Drop every picture, then print the rest of the listing exactly as given.

» **RECORD EXCERPTS**:
============

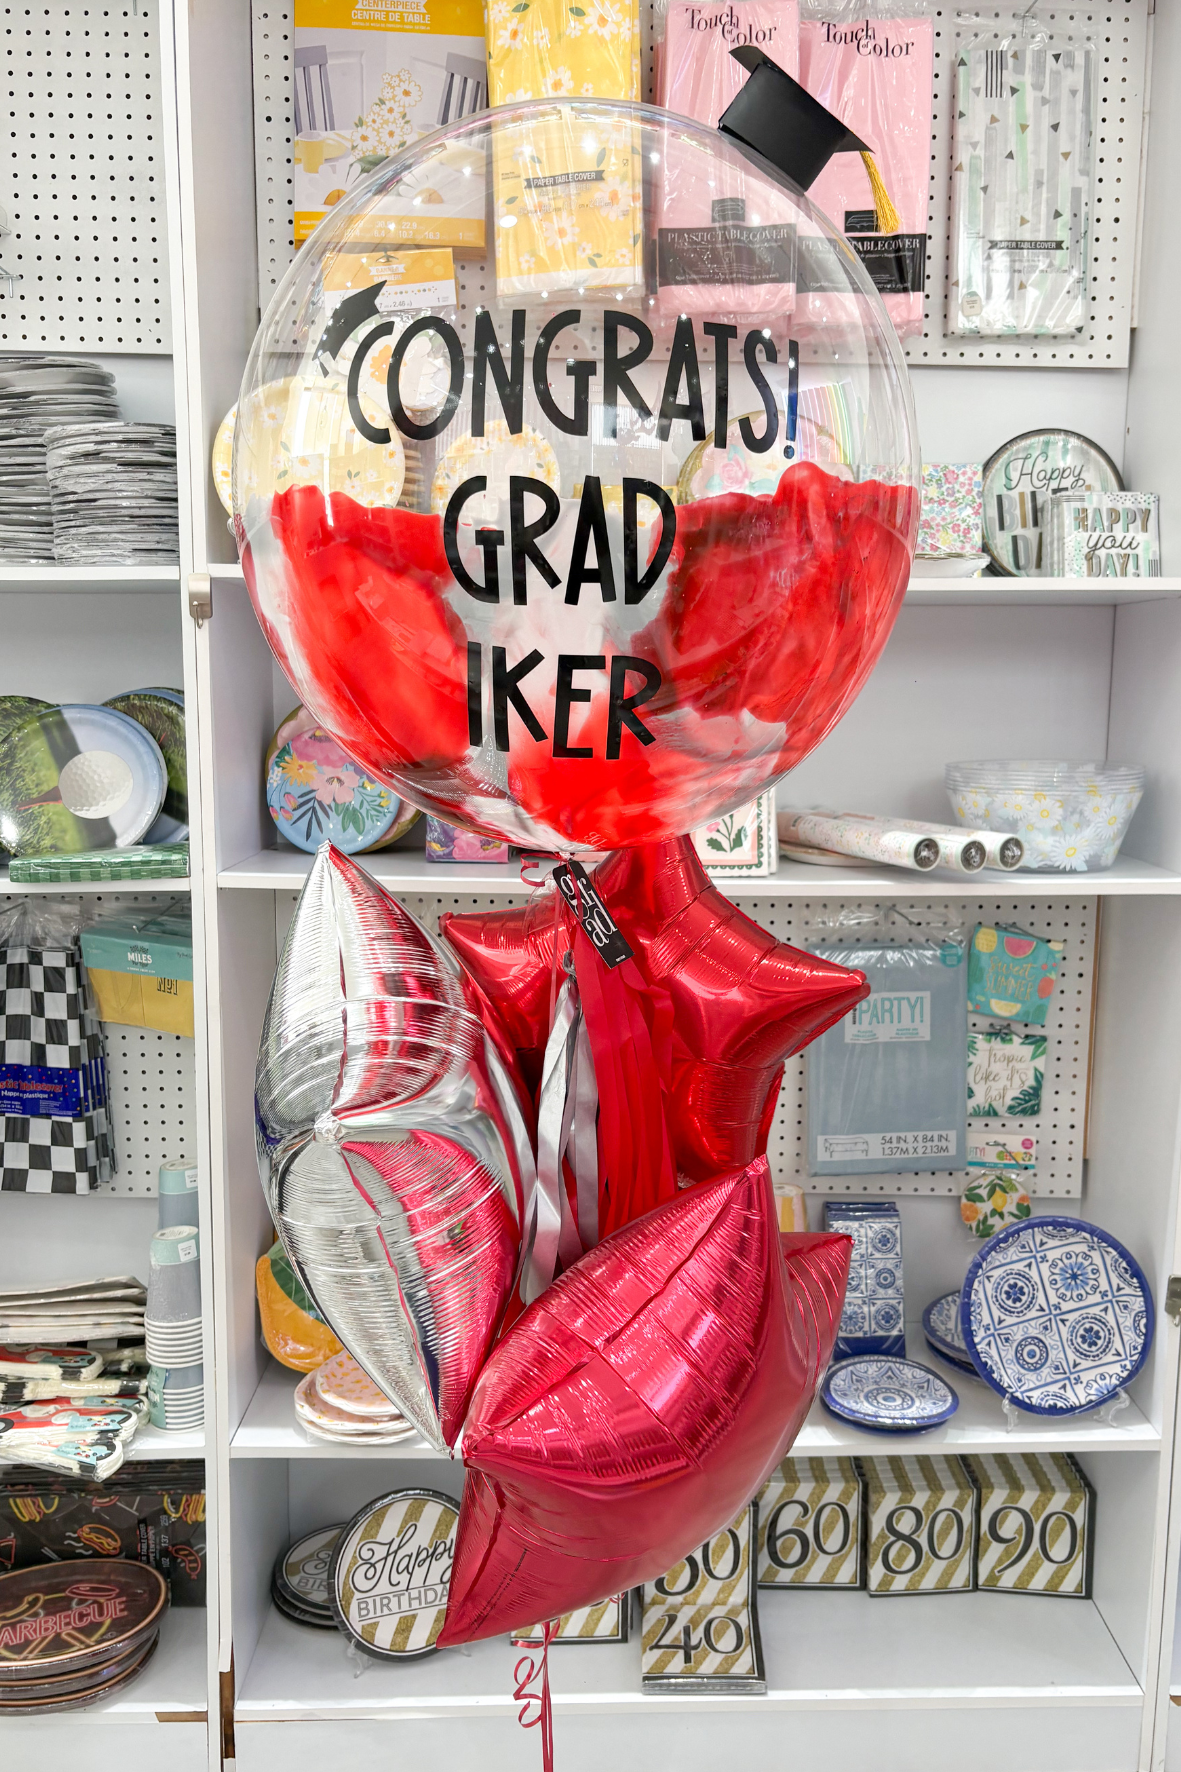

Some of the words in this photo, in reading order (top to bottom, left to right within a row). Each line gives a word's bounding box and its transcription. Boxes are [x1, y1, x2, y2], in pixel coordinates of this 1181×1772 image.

[352, 10, 386, 21] CENTRE
[389, 12, 400, 22] DE
[403, 13, 430, 23] TABLE
[361, 0, 421, 10] CENTERPIECE
[684, 5, 740, 32] Touch
[722, 20, 777, 45] Color
[822, 20, 876, 45] Touch
[856, 34, 914, 58] Color
[534, 177, 554, 186] PAPER
[554, 174, 574, 184] TABLE
[574, 172, 596, 181] COVER
[668, 230, 716, 242] PLASTIC
[716, 228, 788, 242] TABLECOVER
[347, 309, 798, 459] CONGRATS!
[1004, 452, 1086, 492] Happy
[1073, 508, 1151, 533] HAPPY
[444, 475, 676, 606] GRAD
[1084, 534, 1140, 561] you
[1086, 553, 1140, 577] DAY!
[466, 641, 662, 760] IKER
[128, 952, 152, 964] MILES
[988, 956, 1038, 980] Sweet
[984, 974, 1033, 1000] SUMMER
[858, 996, 924, 1026] PARTY!
[0, 1079, 18, 1089] stic
[974, 1064, 1001, 1085] like
[880, 1136, 893, 1145] 54
[896, 1135, 909, 1144] IN.
[912, 1134, 919, 1144] X
[922, 1134, 934, 1143] 84
[938, 1133, 950, 1142] IN.
[882, 1146, 909, 1156] 1.37M
[912, 1146, 919, 1155] X
[922, 1145, 949, 1155] 2.13M
[766, 1500, 851, 1570] 60
[881, 1505, 964, 1575] 80
[988, 1505, 1078, 1576] 90
[352, 1523, 454, 1593] Happy
[357, 1586, 449, 1618] BIRTHDA
[0, 1596, 128, 1647] ARBECUE
[649, 1614, 744, 1664] 40

============

» **SOLUTION FOR THIS EXERCISE**:
Some of the words in this photo, in reading order (top to bottom, left to right within a row). Each line gives a word's bounding box and its transcription. Boxes are [x1, y1, x2, y2], in pixel coordinates of this 1181×1772 image.

[352, 10, 386, 21] CENTRE
[389, 12, 400, 22] DE
[403, 13, 430, 23] TABLE
[361, 0, 421, 10] CENTERPIECE
[684, 5, 740, 32] Touch
[722, 20, 777, 45] Color
[822, 20, 876, 45] Touch
[856, 34, 914, 58] Color
[534, 177, 554, 186] PAPER
[554, 174, 574, 184] TABLE
[574, 172, 596, 181] COVER
[668, 230, 716, 242] PLASTIC
[716, 228, 788, 242] TABLECOVER
[347, 309, 798, 459] CONGRATS!
[1004, 452, 1086, 492] Happy
[1073, 508, 1151, 533] HAPPY
[444, 475, 676, 606] GRAD
[1084, 534, 1140, 561] you
[1086, 553, 1140, 577] DAY!
[466, 641, 662, 760] IKER
[128, 952, 152, 964] MILES
[988, 956, 1038, 980] Sweet
[984, 974, 1033, 1000] SUMMER
[858, 996, 924, 1026] PARTY!
[0, 1079, 18, 1089] stic
[974, 1064, 1001, 1085] like
[880, 1136, 893, 1145] 54
[896, 1135, 909, 1144] IN.
[912, 1134, 919, 1144] X
[922, 1134, 934, 1143] 84
[938, 1133, 950, 1142] IN.
[882, 1146, 909, 1156] 1.37M
[912, 1146, 919, 1155] X
[922, 1145, 949, 1155] 2.13M
[766, 1500, 851, 1570] 60
[881, 1505, 964, 1575] 80
[988, 1505, 1078, 1576] 90
[352, 1523, 454, 1593] Happy
[357, 1586, 449, 1618] BIRTHDA
[0, 1596, 128, 1647] ARBECUE
[649, 1614, 744, 1664] 40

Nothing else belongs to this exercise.